The initiative for food sovereignty strengthens direct trade between farmers and consumers as well as regional structures, ensuring jobs for rural areas, write Ulrike Minkner and Mathias Stalder of Uniterre, a western Switzerland farmers’ union.

The federal agricultural policy and the framework for direct payments are constantly re-evaluated and determined over a hectic four-year rhythm. Agreements from the last agricultural policy, on which farmers have been relying, are repeatedly called into question.

The proposed initiative for food sovereignty aims at a more stable constitutional amendment. It offers durable direction at the political level, as well as a reliable and sustainable regulatory framework for farmers and consumers.

Eine Frau lacht in die Kamera
Ulrike Minkner is a farmer from Mont Soleil and since 2010 a member of the managing team of Uniterre farmer’s union along with Mathias Stalder. zvg

Free markets don’t free the farmers. At the start of November 2017, the federal government blind-sided farming organisations and voters with its “overview of further development of the agricultural policy in the mid-term”. This came just two months after a September 24 vote where the people had decisively – some 78% in favour – accepted a counter-proposal to the food security initiative and for domestic agriculture.  

What can we expect? The government’s strategy of further liberalising the marketplace by negotiating free trade agreements with the Mercosur nations (including Brazil and Argentina) as well as Malaysia and Indonesia (where there is a palm-oil problem) goes against the clearly-expressed will of the people. The aim is to dismantle standards and trade rules. The proposal from St Gallen farmers’ representative and parliamentarian Walter Müller (FDP) is clear: “Swiss pay rates mean Swiss prices for foodstuffs.

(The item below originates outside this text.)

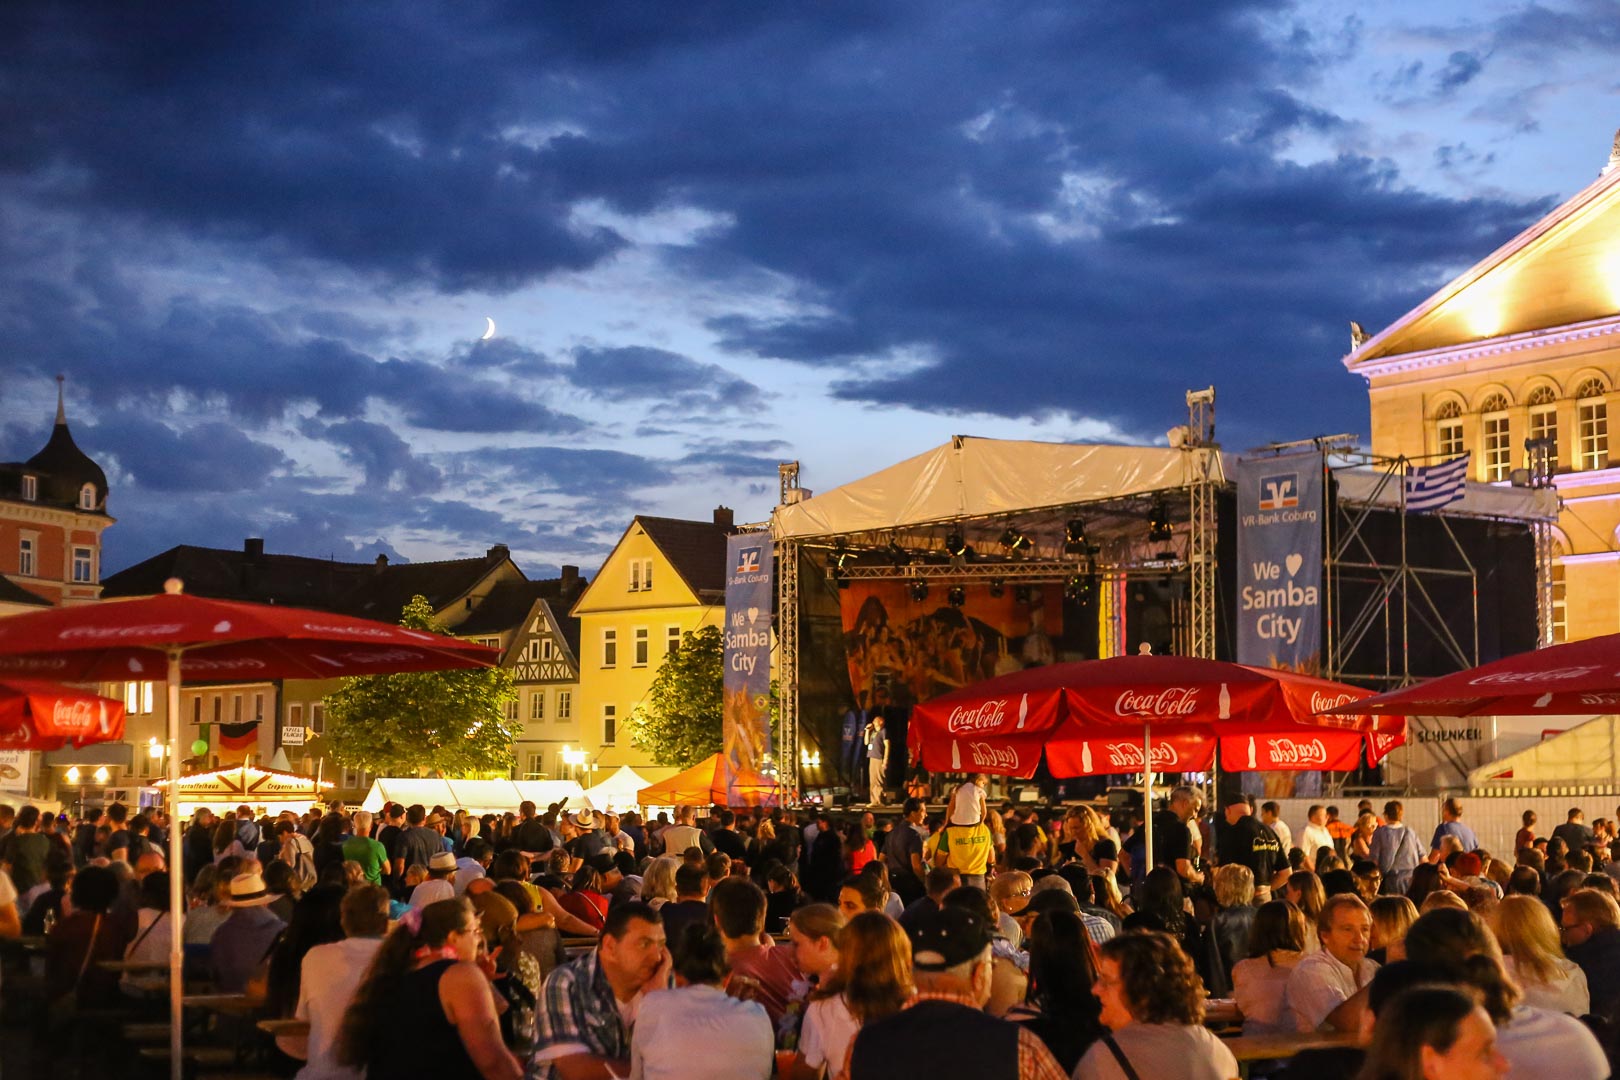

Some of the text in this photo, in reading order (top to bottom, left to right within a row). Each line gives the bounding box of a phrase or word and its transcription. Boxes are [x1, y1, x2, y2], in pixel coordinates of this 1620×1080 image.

Protection at the border for pay rates requires protection at the border for agricultural products; that’s all there is to it.”

A level playing field. In the near future we will see further initiatives, because healthy foods have become a major concern of the voting public. The coming initiatives (on drinking water, pesticide-free Swiss agriculture, no livestock mega-farming, etc.) demand higher standards in the production of foodstuffs in the country. If these are successful, farmers would hold a trump card – imported foodstuffs too would have to conform to these high standards. That will be decisive for the future viability of agriculture in Switzerland.

Let’s establish the right regulatory framework. Switzerland already protects its home market and regulates the volume of imported goods. This initiative demands not more market regulation, but regulation using different criteria. Not only quantities would be managed, like today, but quality standards would also be imposed.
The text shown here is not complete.